Task requirements:
Everything in the records must appear again exactly, except the images.
──────────
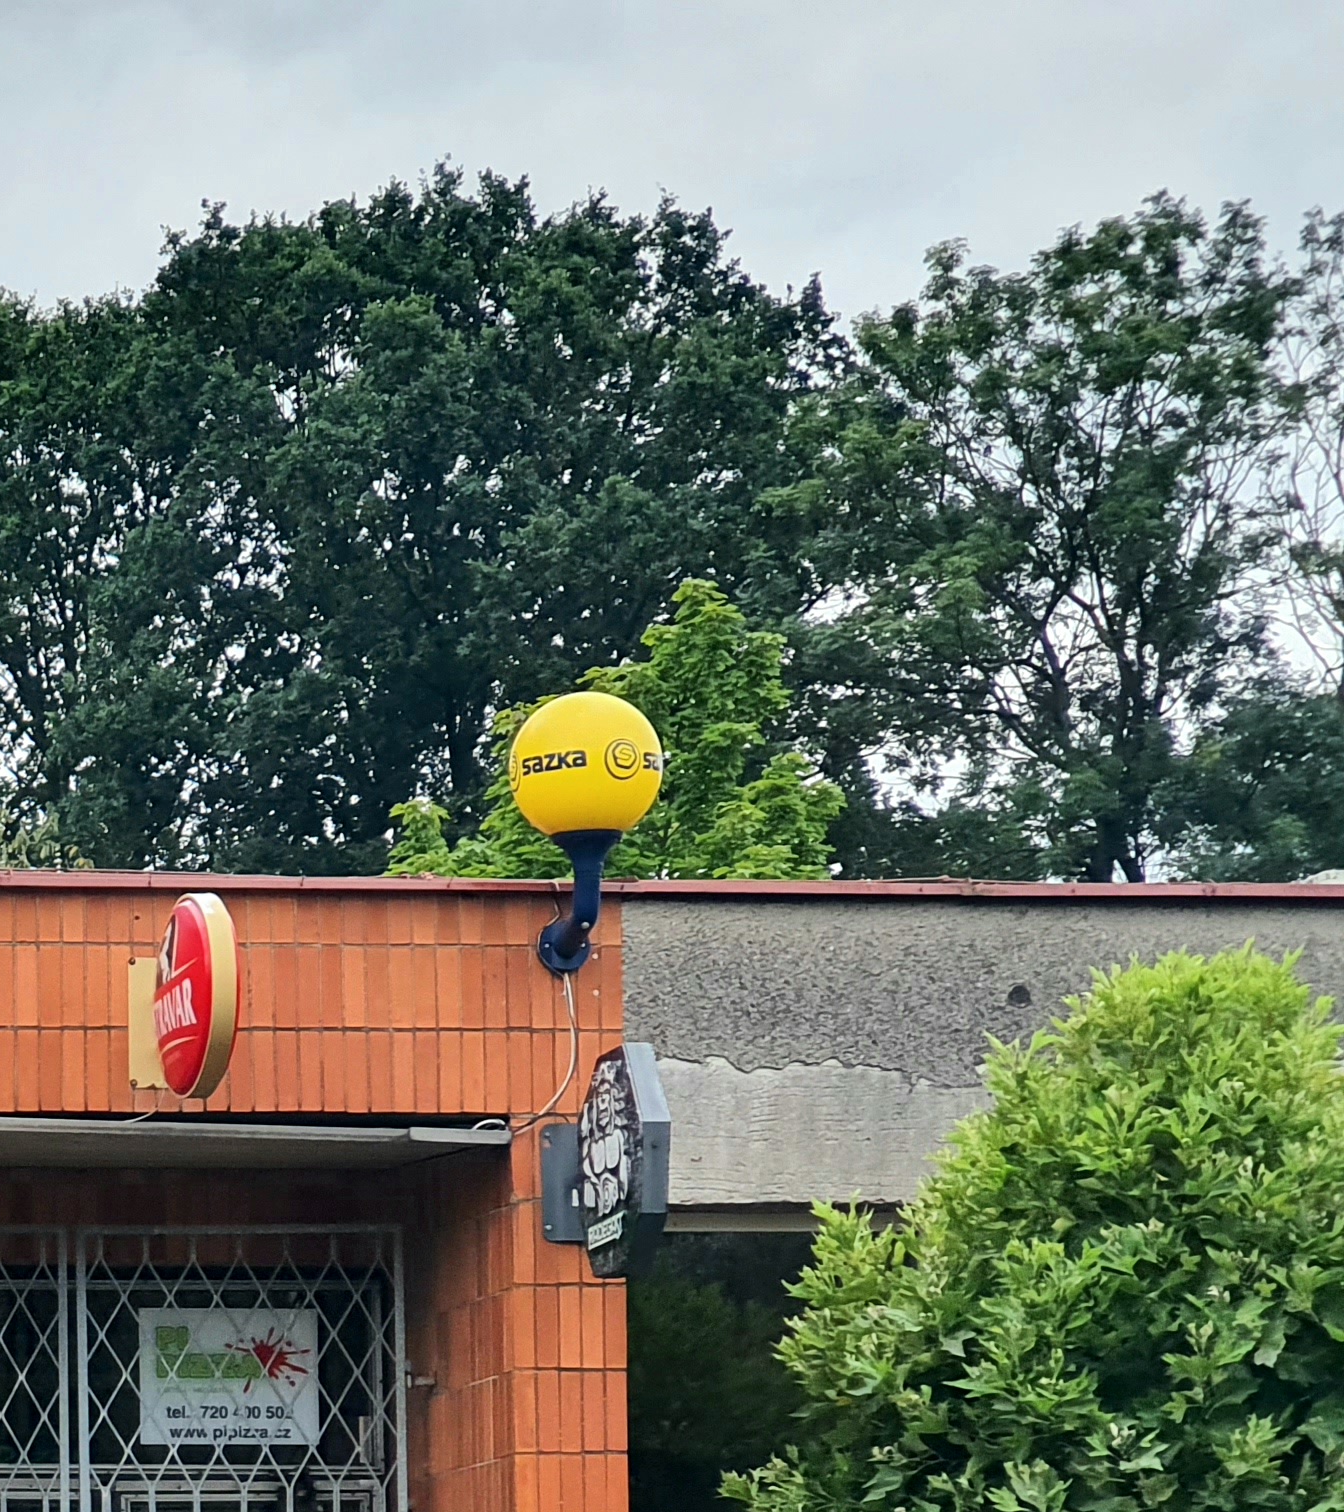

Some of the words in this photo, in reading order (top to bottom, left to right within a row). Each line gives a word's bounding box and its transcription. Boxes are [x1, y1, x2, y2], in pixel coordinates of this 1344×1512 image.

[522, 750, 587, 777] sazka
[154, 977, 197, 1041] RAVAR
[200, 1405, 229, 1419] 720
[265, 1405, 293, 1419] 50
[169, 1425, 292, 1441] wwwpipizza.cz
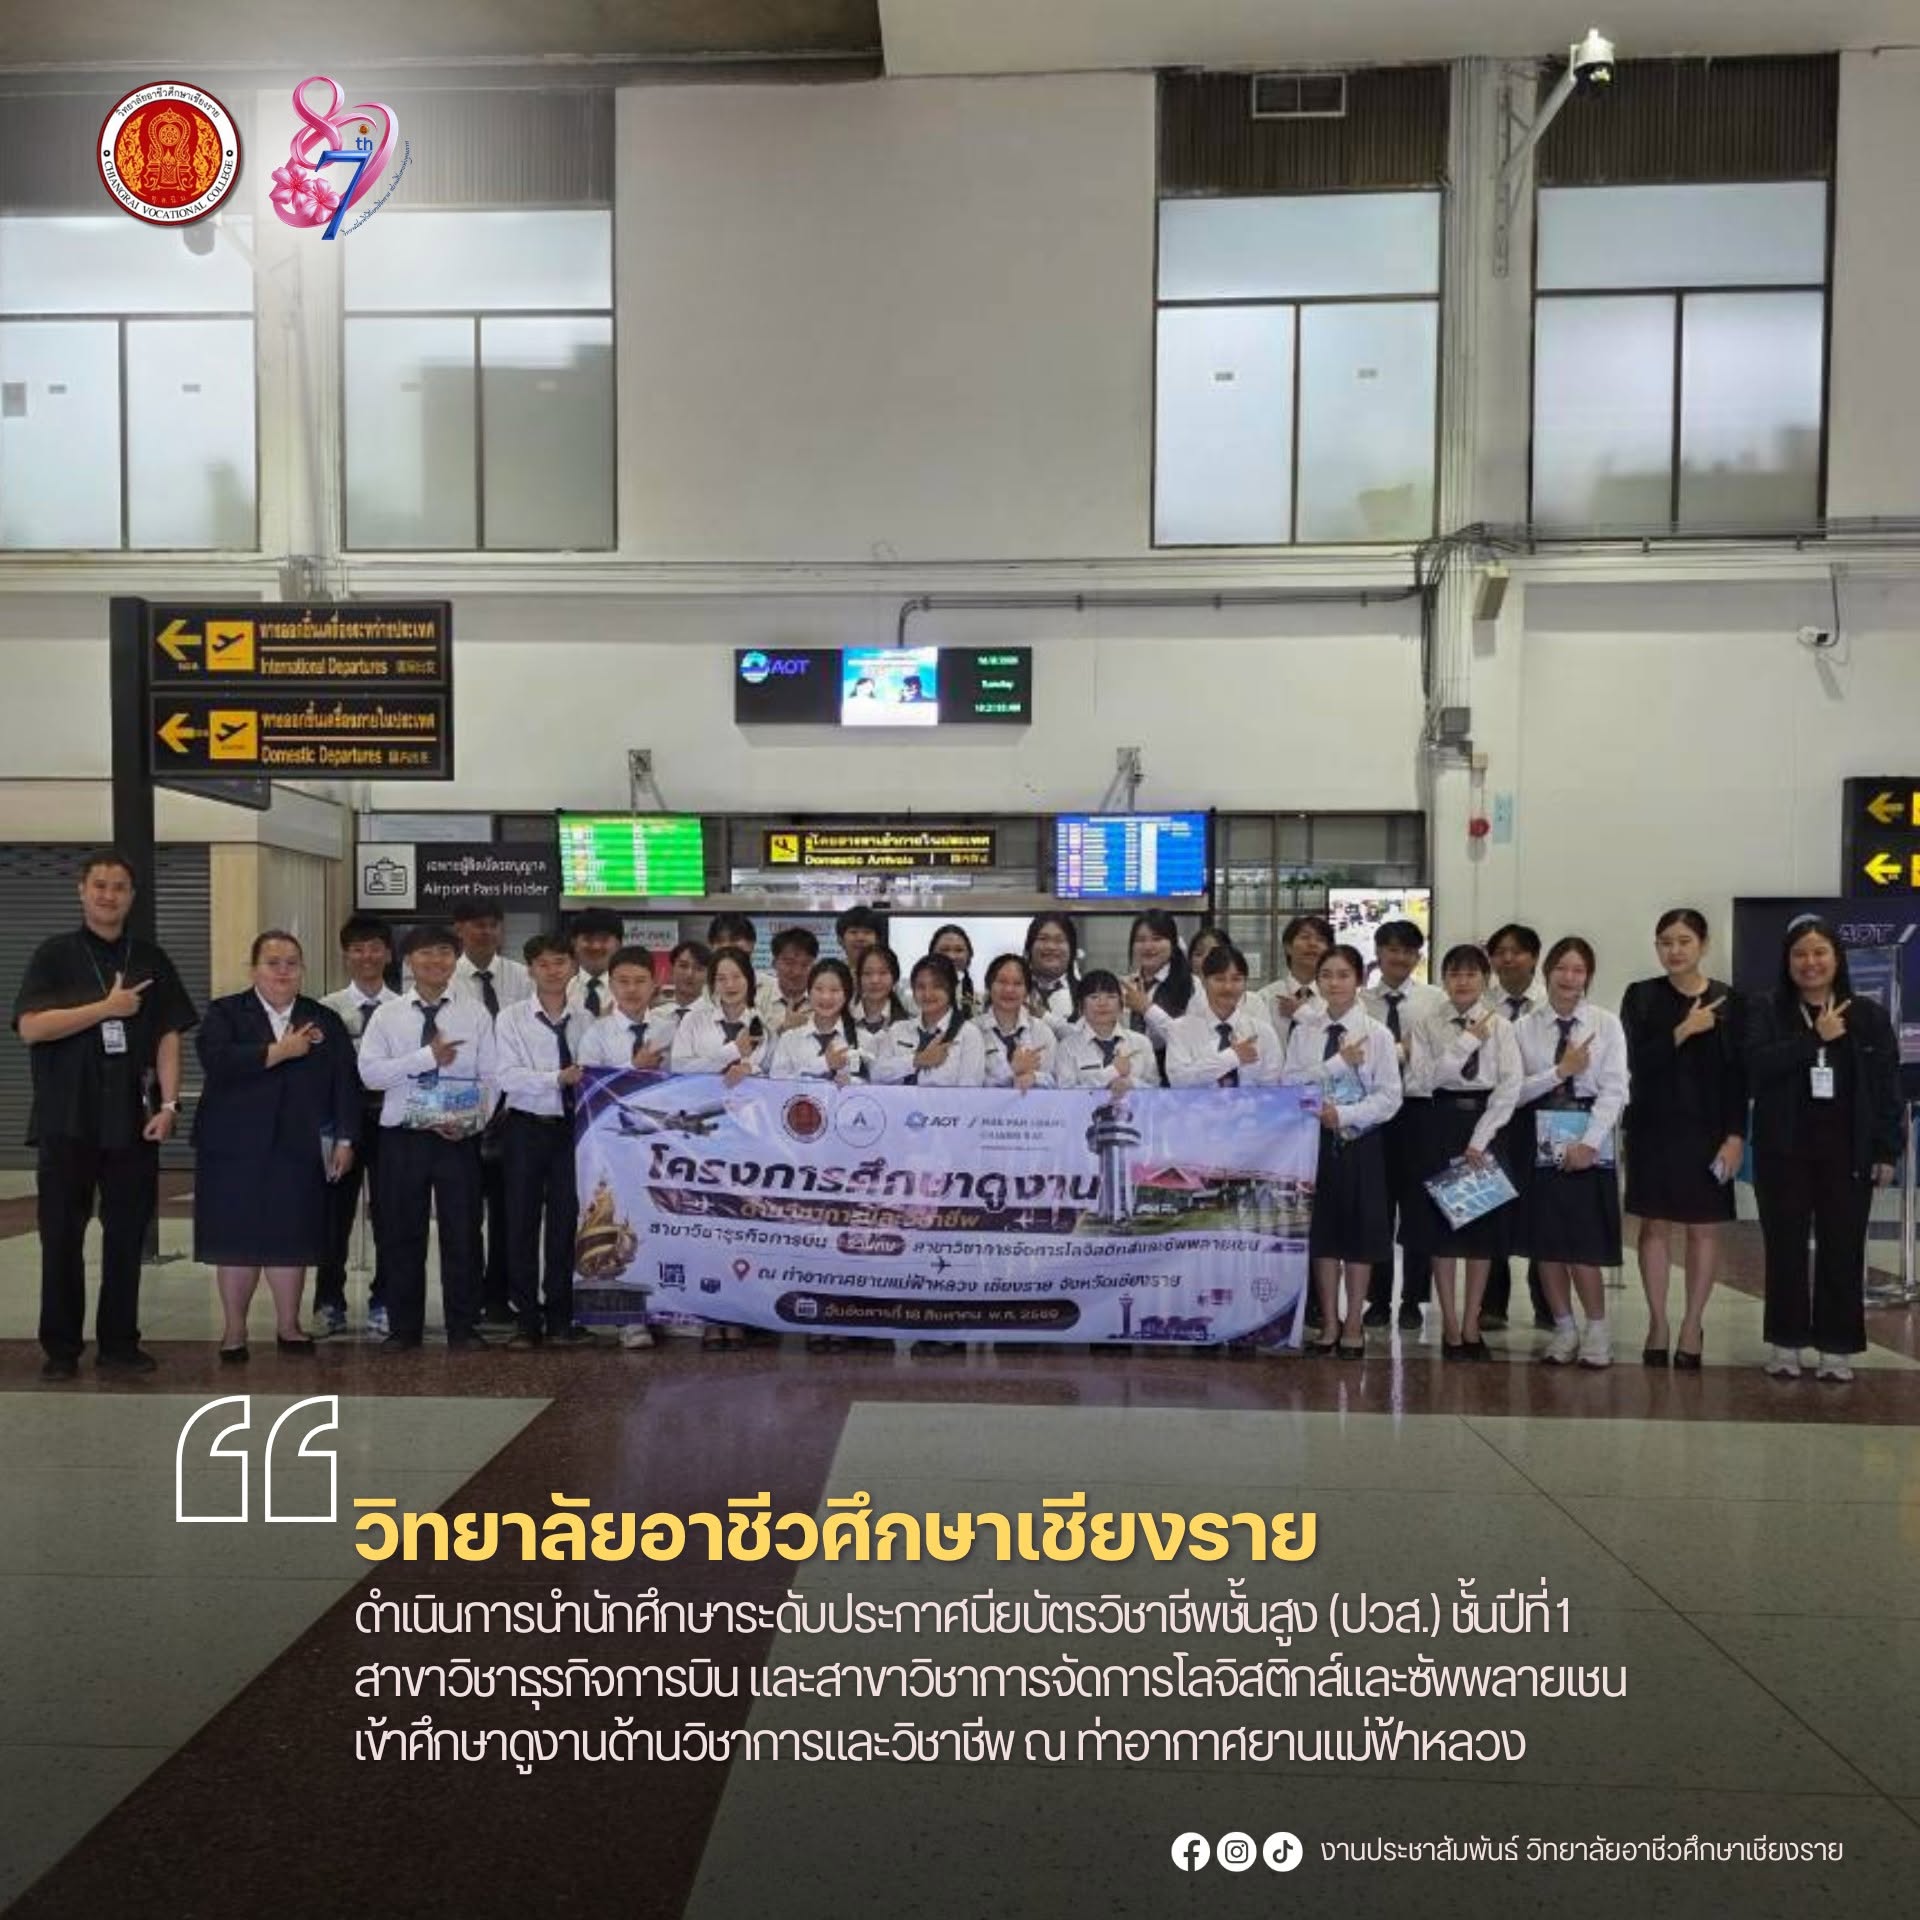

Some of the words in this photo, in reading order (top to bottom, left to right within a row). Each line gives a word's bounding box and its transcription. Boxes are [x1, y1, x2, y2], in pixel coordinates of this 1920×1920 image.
──────────
Response to the exercise:
Some of the words in this photo, in reading order (top to bottom, left to right within a row). Each line gives a word's bounding box and its transcription. Boxes are [x1, y1, x2, y2], in pixel coordinates of this 1344×1512 image.

[522, 750, 587, 777] sazka
[154, 977, 197, 1041] RAVAR
[200, 1405, 229, 1419] 720
[265, 1405, 293, 1419] 50
[169, 1425, 292, 1441] wwwpipizza.cz

Some of the words in this photo, in reading order (top to bottom, left to right within a row). Each line gives a word's bounding box and its transcription. Boxes are [x1, y1, x2, y2], in pixel coordinates of this 1920×1920 image.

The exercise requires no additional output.